─── SUPPLIED ENTRIES

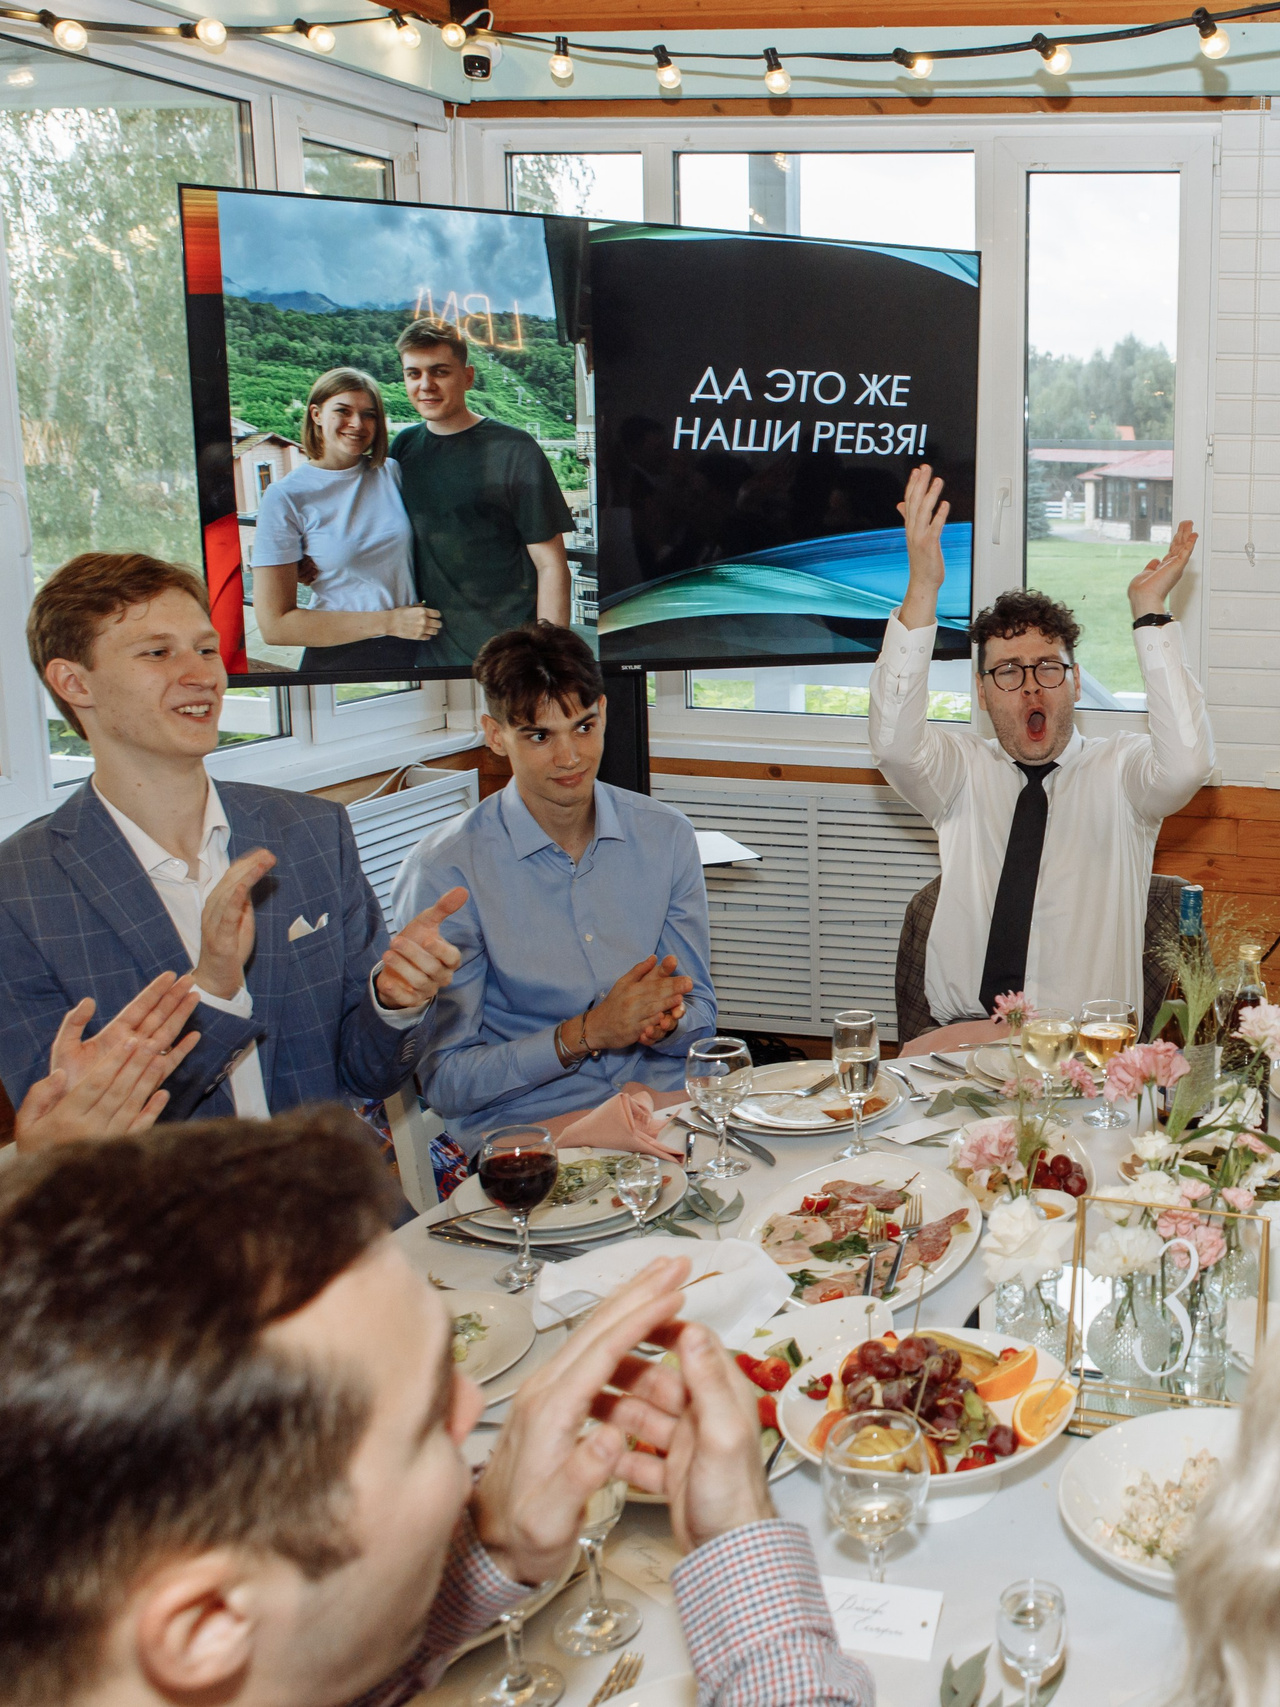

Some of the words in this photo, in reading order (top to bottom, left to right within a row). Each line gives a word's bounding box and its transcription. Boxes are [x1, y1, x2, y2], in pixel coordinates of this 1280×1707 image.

[689, 366, 753, 404] ДА
[763, 368, 847, 405] ЭТО
[853, 373, 912, 407] ЖЕ
[672, 416, 801, 452] НАШИ
[811, 421, 928, 456] РЕБЗЯ!
[1133, 1237, 1199, 1377] 3
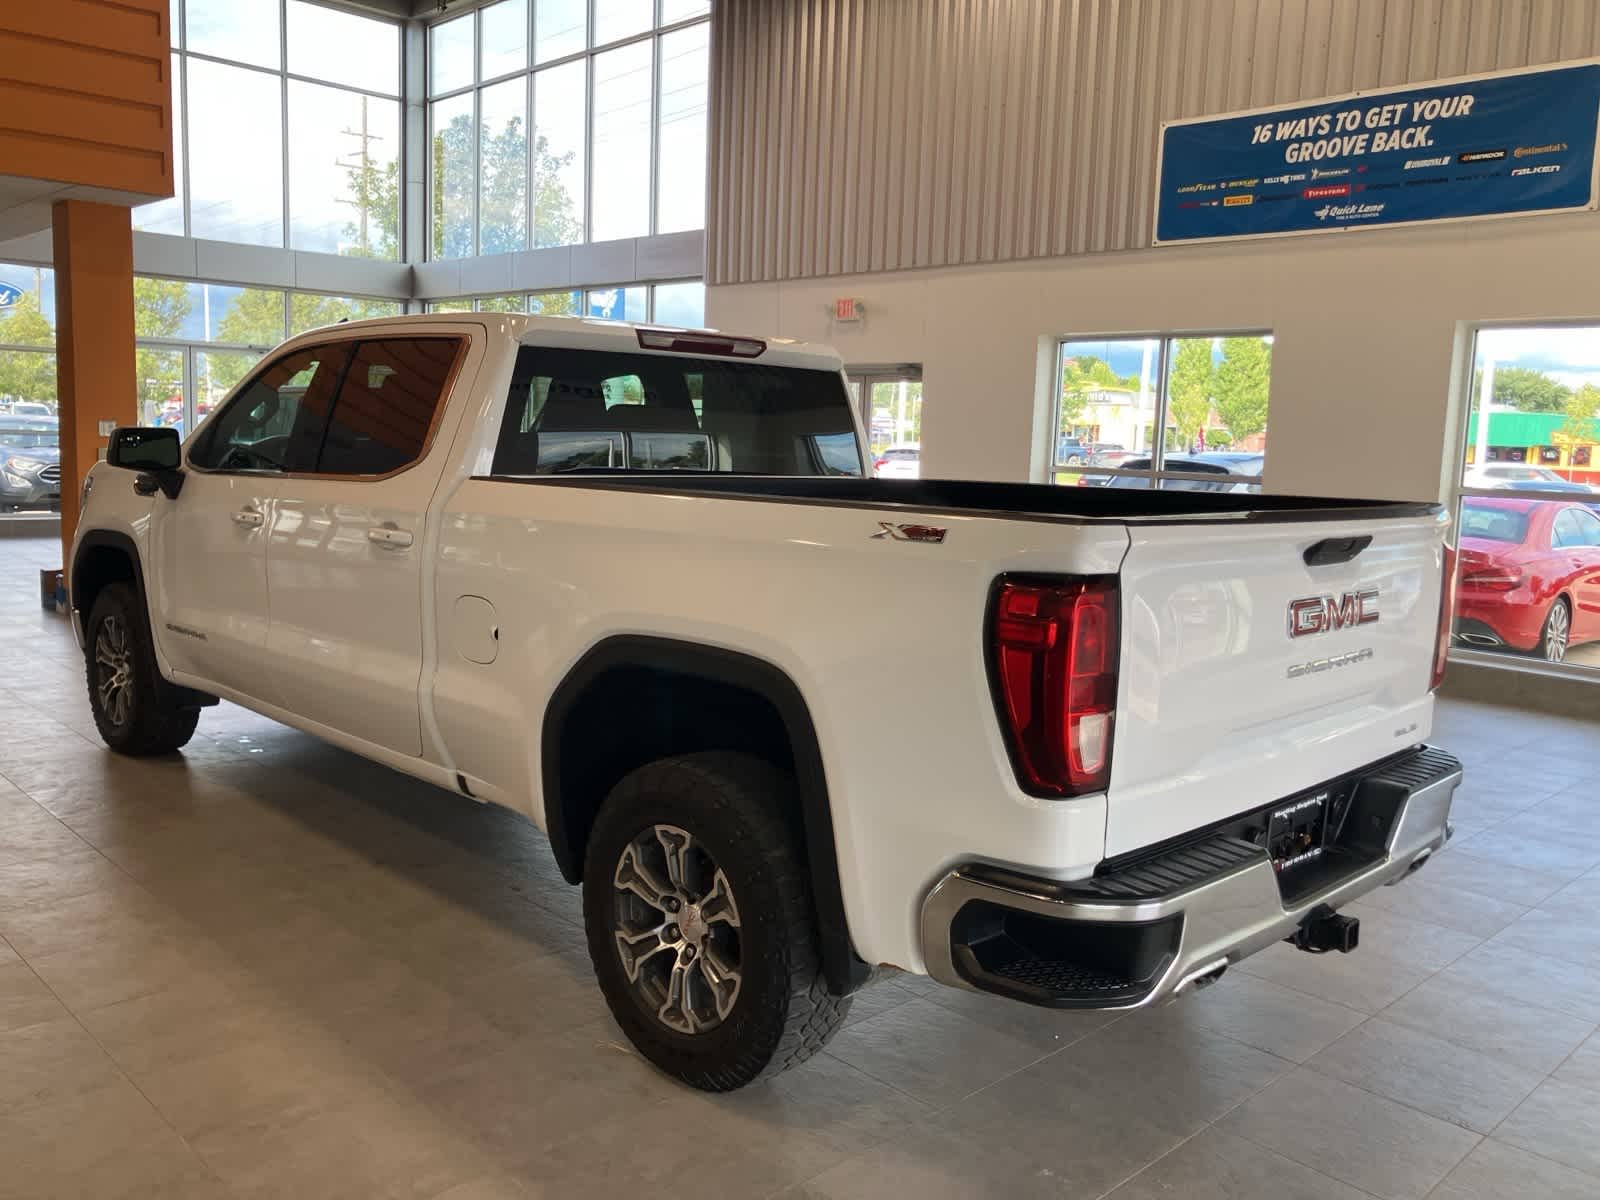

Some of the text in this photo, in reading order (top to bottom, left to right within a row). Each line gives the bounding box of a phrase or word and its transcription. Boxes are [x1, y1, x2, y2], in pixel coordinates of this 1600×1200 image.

[1251, 95, 1474, 145] 16 WAYS TO GET YOUR
[1285, 125, 1434, 164] GROOVE BACK.
[1468, 151, 1505, 160] HANKOOK
[1511, 165, 1561, 177] FALKEN
[1328, 203, 1358, 217] Quick
[1358, 202, 1385, 214] Lane
[1287, 590, 1380, 639] GMC
[1286, 647, 1374, 679] SIERRA

──────

Give back every record exactly. Omit the pictures.

Some of the words in this photo, in reading order (top to bottom, left to right within a row). Each line gives a word's bounding box and its transcription. Boxes are [x1, y1, x2, y2], in pixel coordinates of this 1280×1707 image.

[689, 366, 753, 404] ДА
[763, 368, 847, 405] ЭТО
[853, 373, 912, 407] ЖЕ
[672, 416, 801, 452] НАШИ
[811, 421, 928, 456] РЕБЗЯ!
[1133, 1237, 1199, 1377] 3

Some of the text in this photo, in reading order (top to bottom, left to right within a row). Each line gives the bounding box of a phrase or word and its transcription. Boxes are [x1, y1, x2, y2], in pixel coordinates of this 1600×1200 image.

[1251, 95, 1474, 145] 16 WAYS TO GET YOUR
[1285, 125, 1434, 164] GROOVE BACK.
[1468, 151, 1505, 160] HANKOOK
[1511, 165, 1561, 177] FALKEN
[1328, 203, 1358, 217] Quick
[1358, 202, 1385, 214] Lane
[1287, 590, 1380, 639] GMC
[1286, 647, 1374, 679] SIERRA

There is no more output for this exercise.